When censorship can be a good thing.

When I started blogging nearly three years ago, I thought that the platform would provide me with a certain level of freedom. Finally, I would be able to express my thoughts, my opinions, my views on the world uncensored.
No editors.
No worries.
But that was not so.
Too many triggers for my passions are connected with indivuals, individuals I care about, people I don't want to hurt. Others are triggered by anger that, if expressed without proper evidence and purpose, could create some excellent lawsuit material for the offending parties.
Finally, there are bridges I cannot afford to burn.
Yet I see it happen every day.
Bloggers bash without consideration of consequence. They reveal private information that belongs to others without consent. They hurt other people and they hurt themselves. They forget, perhaps, that once words are distributed on the Internet, they are impossible to take back.
Twenty, thirty, forty years from now, they will remain.
One blogger in particular affected me deeply.

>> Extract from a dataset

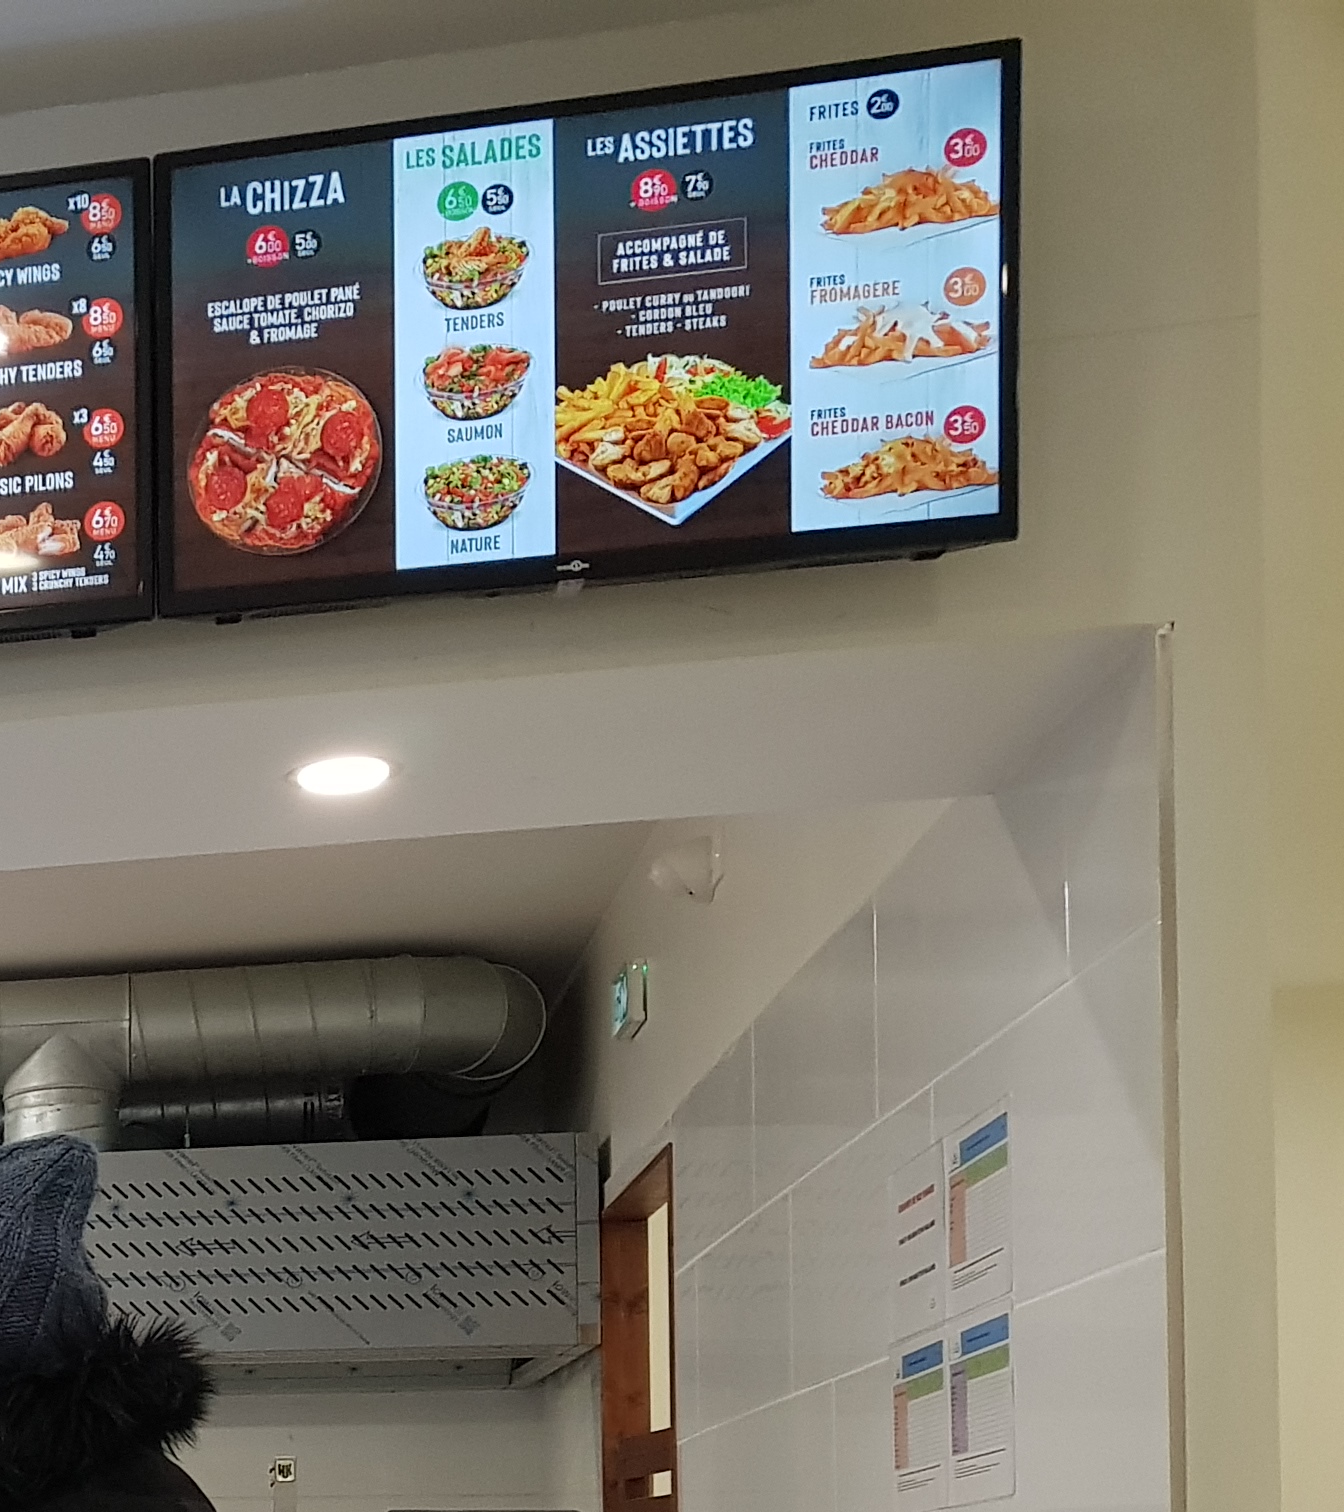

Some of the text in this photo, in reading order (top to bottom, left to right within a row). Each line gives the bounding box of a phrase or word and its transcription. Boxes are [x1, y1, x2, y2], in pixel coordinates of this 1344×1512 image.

She wrote on an online forum about complaints from her children. They had pleaded with her to stop brutally ridiculing them in her blog for the sake of page views. She refused to stop, arguing that as long as her children lived under her roof, she had the right to reveal whatever she chose. Her blog wouldn't be funny without them, she wrote.
I'm betting that she won't be blogging the exploits of her grandchildren.
She won't be allowed to know them.
Another woman wrote honestly and humerously about the end of a long-term relationship. Her name and location were part of her profile. The blog was popular, so popular that it inspired her to write a book about ending relationships. Her book is selling well.
But she had to end the blog when strangers tracked down her ex-boyfriend and threatened him. The world is full of sick people, sadly, and many of them are addicted to the Internet.
So, I vent here and I write about raising our twins on my other blog, but I am always careful. My older children have declined to be included in any blogs and I respect that. My twins will decide what happens to their blog when they are old enough to understand. Until then, I write about them in a way that might help other parents of identical twins.
I am not free to write without care because I do care.
I am own editor.
And when I think about topics for my posts, I follow two rules: I must write as if everyone in the world will read it and I must ponder how it will play out several years into the future. Freedom of speech is a wonderful thing as long as we don't abuse it.